The Trinity of Consistency as a Defining Principle for General World Models
Jingxuan Wei, Siyuan Li, Yuhang Xu, Zheng Sun, Junjie Jiang, Hexuan Jin, Caijun Jia, Honghao He, Xinglong Xu, Xi bai, Chang Yu, Yumou Liu, Junnan Zhu, Xuanhe Zhou, Jintao Chen, Xiaobin Hu, Shancheng Pang, Bihui Yu, Ran He, Zhen Lei, Stan Z. Li, Conghui He, Shuicheng Yan

TL;DR
This paper proposes the Trinity of Consistency as a foundational principle for developing General World Models, emphasizing semantic, geometric, and causal consistencies, and introduces CoW-Bench for evaluating multimodal models in reasoning and generation tasks.
Contribution
It introduces a theoretical framework based on three types of consistency for world models and presents CoW-Bench, a new benchmark for multi-frame reasoning and generation evaluation.
Findings
Unified architectures enable emergent internal world simulators
CoW-Bench effectively evaluates multimodal models' reasoning and generation
The framework clarifies limitations and guides future model development
Abstract
The construction of World Models capable of learning, simulating, and reasoning about objective physical laws constitutes a foundational challenge in the pursuit of Artificial General Intelligence.

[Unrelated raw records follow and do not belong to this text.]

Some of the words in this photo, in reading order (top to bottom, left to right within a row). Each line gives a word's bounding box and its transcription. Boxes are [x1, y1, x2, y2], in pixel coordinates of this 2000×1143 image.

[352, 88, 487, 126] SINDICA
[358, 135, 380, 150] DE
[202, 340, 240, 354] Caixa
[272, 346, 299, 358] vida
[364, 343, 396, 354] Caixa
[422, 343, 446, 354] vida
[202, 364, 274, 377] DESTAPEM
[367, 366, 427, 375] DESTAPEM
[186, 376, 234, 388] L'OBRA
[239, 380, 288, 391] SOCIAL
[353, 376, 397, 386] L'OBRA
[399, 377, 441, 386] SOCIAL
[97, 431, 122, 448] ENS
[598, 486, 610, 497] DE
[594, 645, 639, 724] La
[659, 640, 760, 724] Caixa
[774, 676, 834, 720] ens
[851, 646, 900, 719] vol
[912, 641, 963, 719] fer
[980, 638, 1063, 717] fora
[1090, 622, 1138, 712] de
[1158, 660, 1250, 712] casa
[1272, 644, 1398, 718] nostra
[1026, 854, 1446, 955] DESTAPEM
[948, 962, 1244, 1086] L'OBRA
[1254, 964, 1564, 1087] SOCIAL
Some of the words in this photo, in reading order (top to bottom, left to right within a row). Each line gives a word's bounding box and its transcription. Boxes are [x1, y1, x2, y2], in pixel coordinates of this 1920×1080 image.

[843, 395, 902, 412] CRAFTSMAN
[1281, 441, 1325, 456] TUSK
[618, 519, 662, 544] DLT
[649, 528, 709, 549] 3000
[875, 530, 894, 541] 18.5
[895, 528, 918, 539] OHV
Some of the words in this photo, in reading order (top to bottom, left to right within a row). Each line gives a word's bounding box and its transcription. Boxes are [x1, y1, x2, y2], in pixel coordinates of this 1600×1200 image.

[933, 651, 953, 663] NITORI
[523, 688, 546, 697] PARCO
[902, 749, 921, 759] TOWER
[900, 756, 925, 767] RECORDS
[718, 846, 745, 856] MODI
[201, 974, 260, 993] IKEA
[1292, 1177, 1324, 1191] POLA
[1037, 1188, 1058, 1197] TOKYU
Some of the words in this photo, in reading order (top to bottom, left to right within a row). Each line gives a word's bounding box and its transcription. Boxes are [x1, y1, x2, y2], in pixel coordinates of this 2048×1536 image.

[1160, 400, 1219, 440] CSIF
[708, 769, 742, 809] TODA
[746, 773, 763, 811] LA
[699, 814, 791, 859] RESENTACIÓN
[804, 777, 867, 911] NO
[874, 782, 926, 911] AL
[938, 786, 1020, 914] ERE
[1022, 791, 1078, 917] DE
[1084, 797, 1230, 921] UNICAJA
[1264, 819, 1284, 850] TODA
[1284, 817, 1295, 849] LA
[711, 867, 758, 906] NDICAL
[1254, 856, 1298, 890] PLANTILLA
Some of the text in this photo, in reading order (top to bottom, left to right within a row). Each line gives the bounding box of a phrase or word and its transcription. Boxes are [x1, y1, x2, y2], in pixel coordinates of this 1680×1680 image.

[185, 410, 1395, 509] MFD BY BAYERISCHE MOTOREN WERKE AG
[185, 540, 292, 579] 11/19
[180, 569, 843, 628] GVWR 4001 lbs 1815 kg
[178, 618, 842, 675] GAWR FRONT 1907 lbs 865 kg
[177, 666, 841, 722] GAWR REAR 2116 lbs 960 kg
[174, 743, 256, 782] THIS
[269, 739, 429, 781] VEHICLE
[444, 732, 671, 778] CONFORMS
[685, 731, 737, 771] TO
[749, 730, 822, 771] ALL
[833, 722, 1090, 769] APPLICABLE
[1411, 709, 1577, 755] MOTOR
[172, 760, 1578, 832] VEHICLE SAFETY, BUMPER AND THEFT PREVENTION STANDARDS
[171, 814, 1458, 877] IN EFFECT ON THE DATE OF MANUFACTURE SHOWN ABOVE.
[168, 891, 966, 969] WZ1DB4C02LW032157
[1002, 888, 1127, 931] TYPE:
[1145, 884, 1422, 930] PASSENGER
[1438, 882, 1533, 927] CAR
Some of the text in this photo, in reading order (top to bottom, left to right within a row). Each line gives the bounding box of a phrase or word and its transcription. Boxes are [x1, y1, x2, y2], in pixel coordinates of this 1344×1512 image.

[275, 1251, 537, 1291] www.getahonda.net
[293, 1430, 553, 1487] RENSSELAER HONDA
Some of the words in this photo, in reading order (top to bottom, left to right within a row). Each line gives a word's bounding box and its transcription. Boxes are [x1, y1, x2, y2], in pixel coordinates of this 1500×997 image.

Recent advancements represented by video generation models like Sora have demonstrated the potential of data-driven scaling laws to approximate physical dynamics, while the emerging Unified Multimodal Model (UMM) offers a promising architectural paradigm for integrating perception, language, and reasoning. Despite these advances, the field still lacks a principled theoretical framework that defines the essential properties requisite for a General World Model. In this paper, we propose that a World Model must be grounded in the Trinity of Consistency: Modal Consistency as the semantic interface, Spatial Consistency as the geometric basis, and Temporal Consistency as the causal engine. Through…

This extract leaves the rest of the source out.